## Extracted entries:
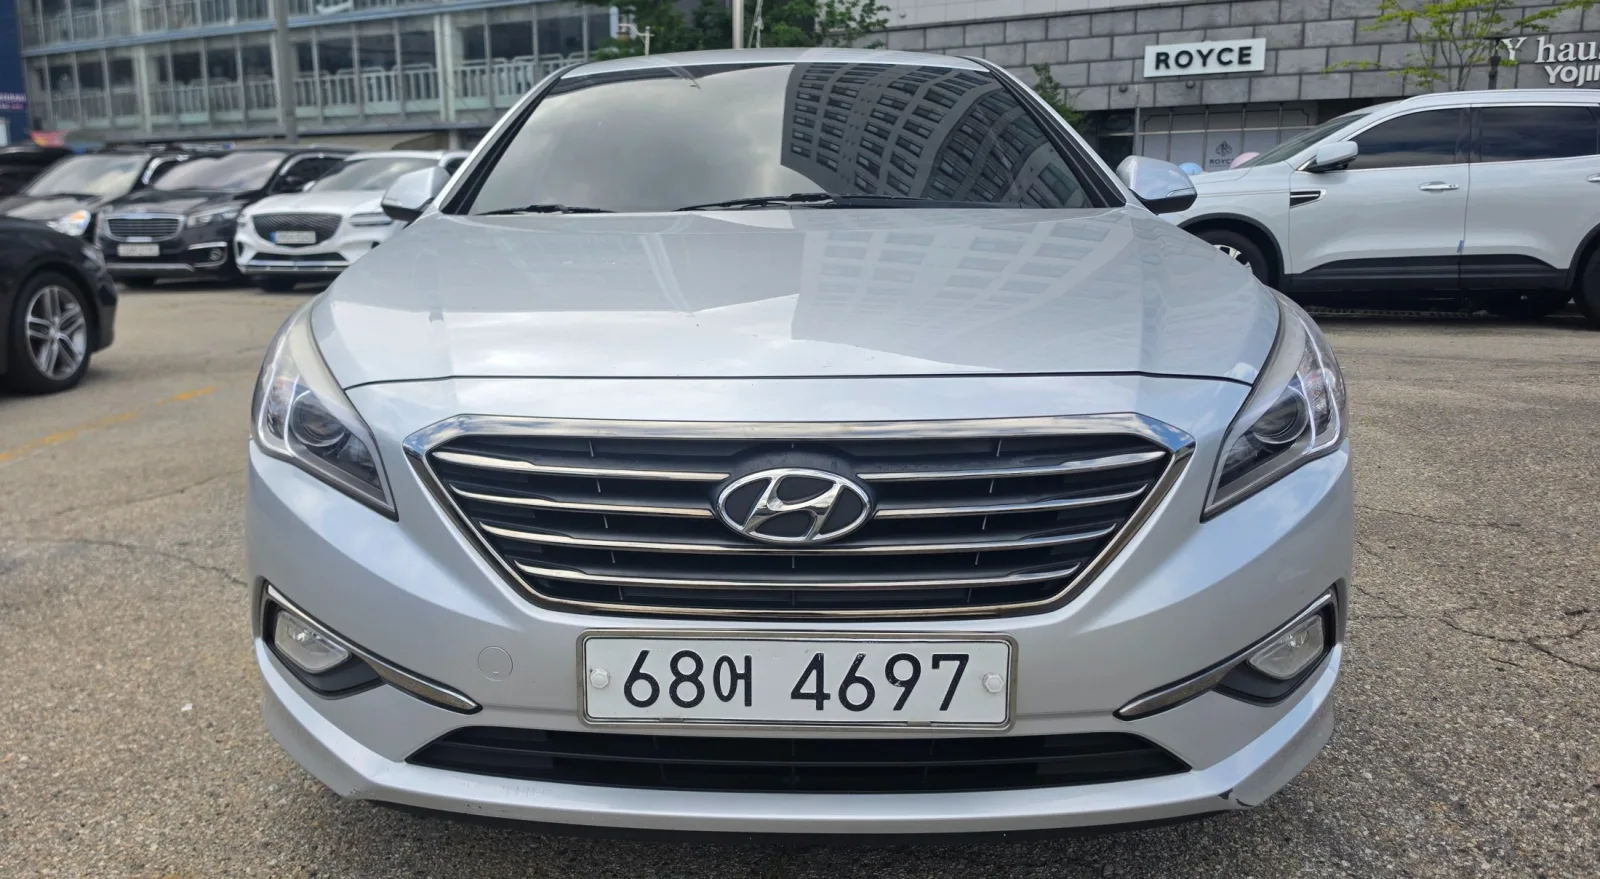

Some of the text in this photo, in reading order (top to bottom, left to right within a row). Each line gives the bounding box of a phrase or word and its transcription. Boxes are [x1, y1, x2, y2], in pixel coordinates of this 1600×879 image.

[1155, 46, 1252, 70] ROYCE
[1501, 36, 1600, 63] Y hau
[623, 650, 969, 712] 68어 4697
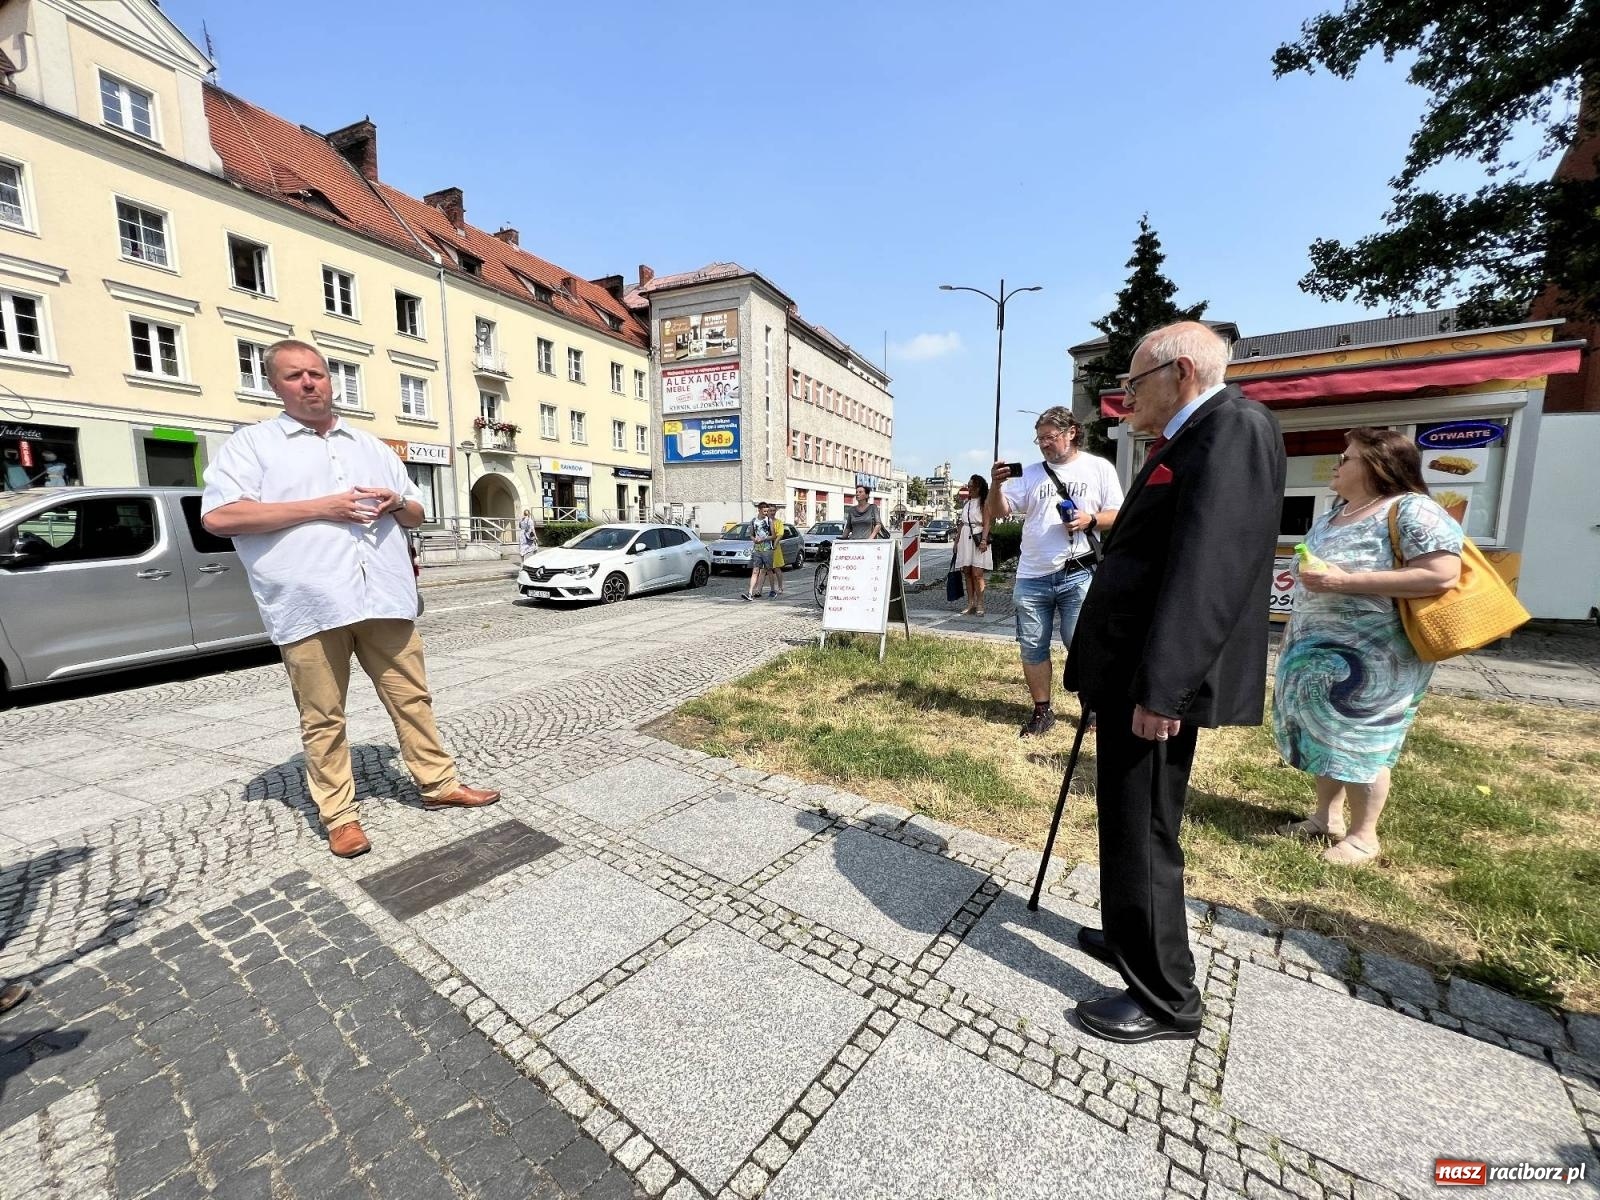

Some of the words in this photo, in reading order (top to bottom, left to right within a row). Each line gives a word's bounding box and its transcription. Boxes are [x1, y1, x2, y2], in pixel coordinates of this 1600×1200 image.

[666, 371, 736, 386] ALEXANDER
[666, 385, 691, 394] MEBLE
[705, 434, 724, 445] 348
[724, 436, 731, 444] zł
[1429, 429, 1491, 441] OTWARTE
[409, 446, 447, 459] SZYCIE
[701, 448, 734, 456] castorama
[560, 463, 583, 472] RAINBOW

## Exercise goal:
Counting the line that contains "Some of the words" as the first, copy exactly every line through the end of the records, and nothing else.

## Response:
Some of the words in this photo, in reading order (top to bottom, left to right within a row). Each line gives a word's bounding box and its transcription. Boxes are [x1, y1, x2, y2], in pixel coordinates of this 1600×1200 image.

[666, 371, 736, 386] ALEXANDER
[666, 385, 691, 394] MEBLE
[705, 434, 724, 445] 348
[724, 436, 731, 444] zł
[1429, 429, 1491, 441] OTWARTE
[409, 446, 447, 459] SZYCIE
[701, 448, 734, 456] castorama
[560, 463, 583, 472] RAINBOW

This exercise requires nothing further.